Cultivation: Keep warm and well-watered. Desert rose prefers partial shade and well-drained sandy soils. It can tolerate drought, and is a good choice for water-conserving gardens. It adapts readily to container culture. It is normal for this plant to lose leaves when it flowers.
Propagation: Desert rose can be propagated by seed, cuttings, or simply sticking dried-out branches in moist sand. The seedlings grow rapidly, and will generally flower within the first year.
Note: The sap is poisonous, anis used to coat arrowheads in the plant’s native range of Africa and the Arabian peninsula.
Dracaena (D. marginata “Tricolor”)
Alternate name: Money Tree, Rainbow Tree, Pleomele marginata, Dracaena concinna
Use: Dracaena is a member of the dragon tree family grown for its exotic foliage. It is grown as a border plant, or as a specimen. It shows well in massed plantings, and is also used as a potted plant in large tubs on patios and balconies. D. draco is the stout-trunked Dragon Tree; D.marginata has grey stems and narrow leaves; D. fragrans has heavy blue-grey ribbon-like leaves as long as 3 feet. It grows as a tree or shrub to as high as 20 feet.
Flowers: Seasonal white fragrant flowers occur in panicles above the leaves. Some cultivars have blooms of cream or pale green. The fruit of the dracaena is a yellow-orange berry.
Cultivation: Dracaena thrives in good well-drained soil in full sun to partial shade. It responds well to humid conditions, but let the soil dry between waterings. Prune the plant lightly to promote branching. In cooler climates, overwinter as a house plant, and inspect it for spider mites.

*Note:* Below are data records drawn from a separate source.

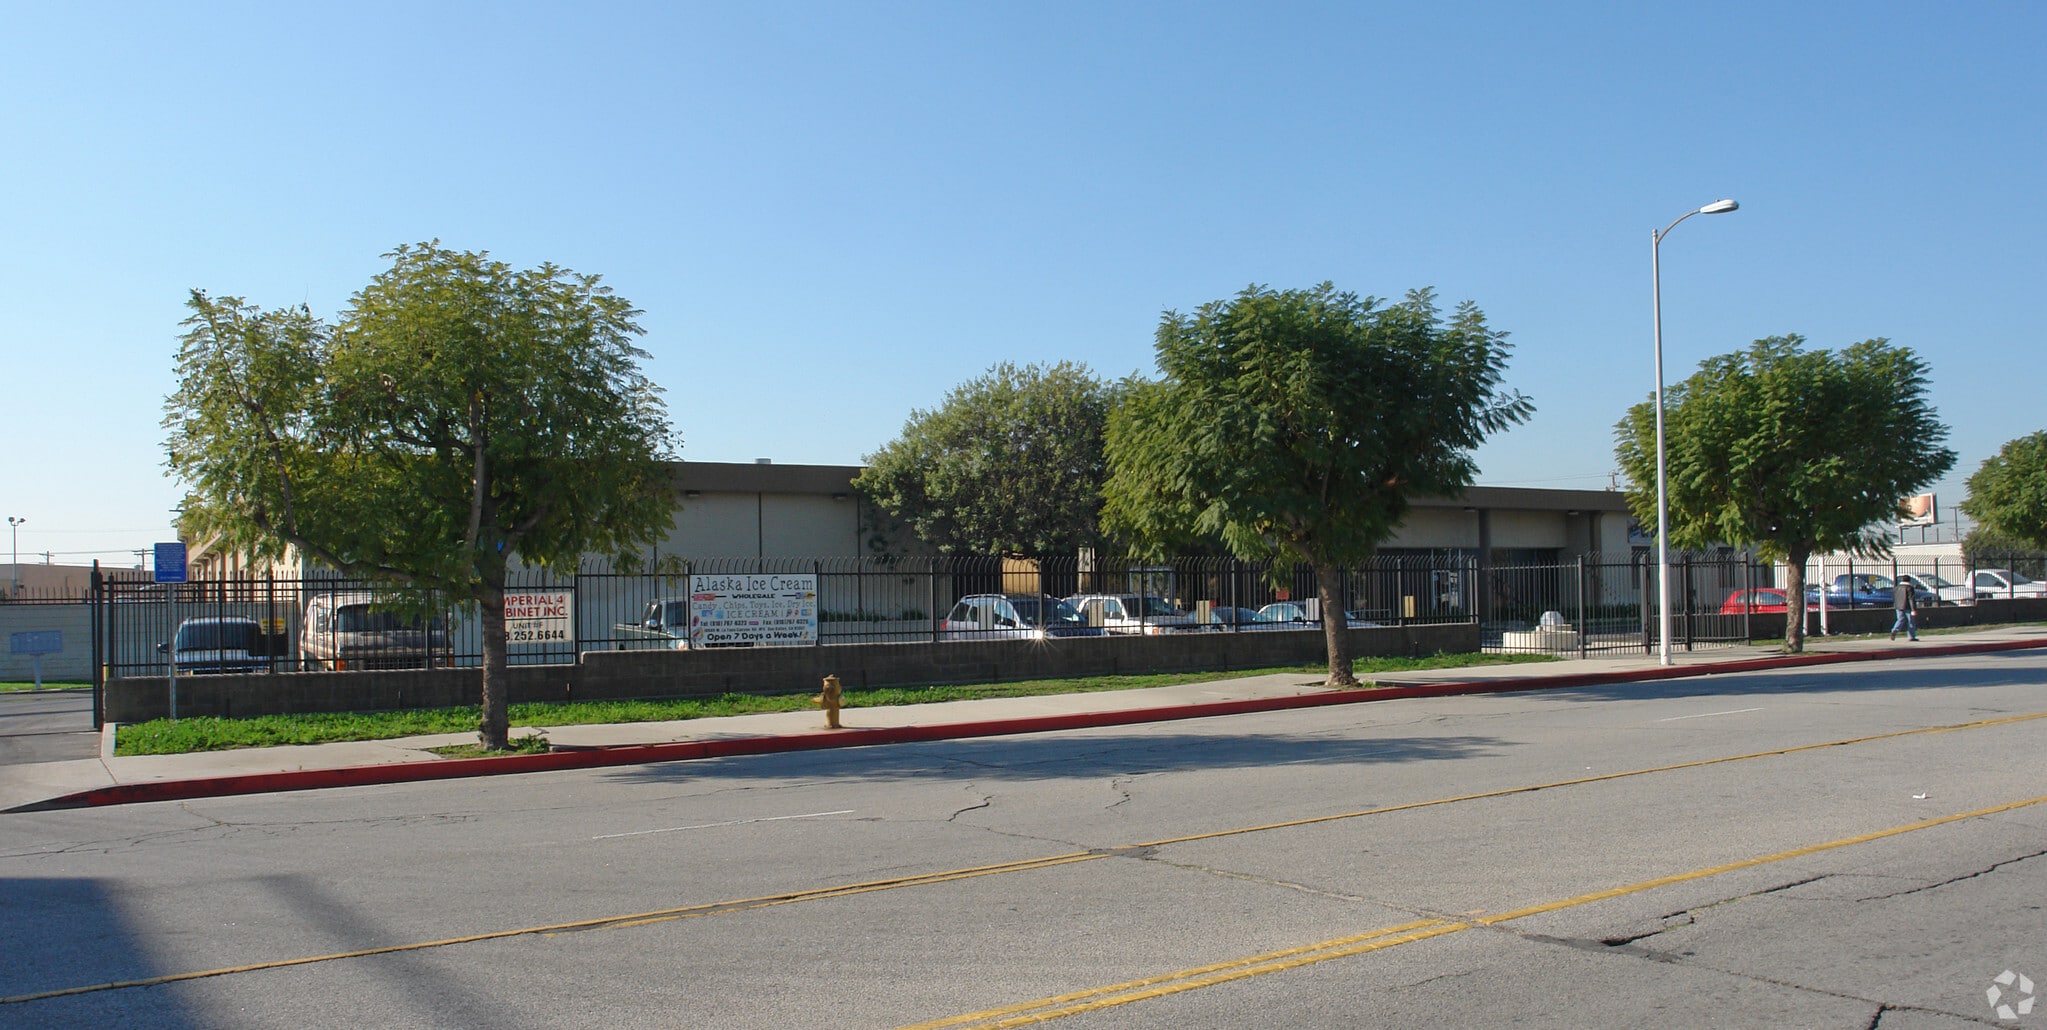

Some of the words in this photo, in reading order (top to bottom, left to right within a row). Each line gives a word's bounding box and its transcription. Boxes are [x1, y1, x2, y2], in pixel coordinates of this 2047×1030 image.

[695, 577, 742, 592] Alaska
[746, 576, 766, 591] Ice
[770, 576, 813, 591] Cream
[504, 595, 553, 606] MPERIAL
[555, 595, 563, 604] 4
[505, 607, 541, 618] BINET
[543, 606, 568, 617] INC.
[727, 610, 743, 619] ICE
[512, 622, 531, 630] UNIT
[505, 630, 564, 641] 8.252.6644
[707, 633, 732, 641] Open
[742, 632, 763, 641] Days

Propagation: Cuttings or air layering.
Pothos (Raphidophora aurea)
Alternate Names: Devil’s Ivy, Marble Queen, Epipremnum aureum, Scindapsis aureus
Use: Pothos is an attractive climber, with heart-shaped leaves splashed with yellow or white. Indoors, it is grown as a houseplant, climbing on support to as much as 10 feet. Most varieties are evergreen and variegated.
Flowers: The plant’s flowers are white to near-white. This plant is grown for its showy, variegated leaves.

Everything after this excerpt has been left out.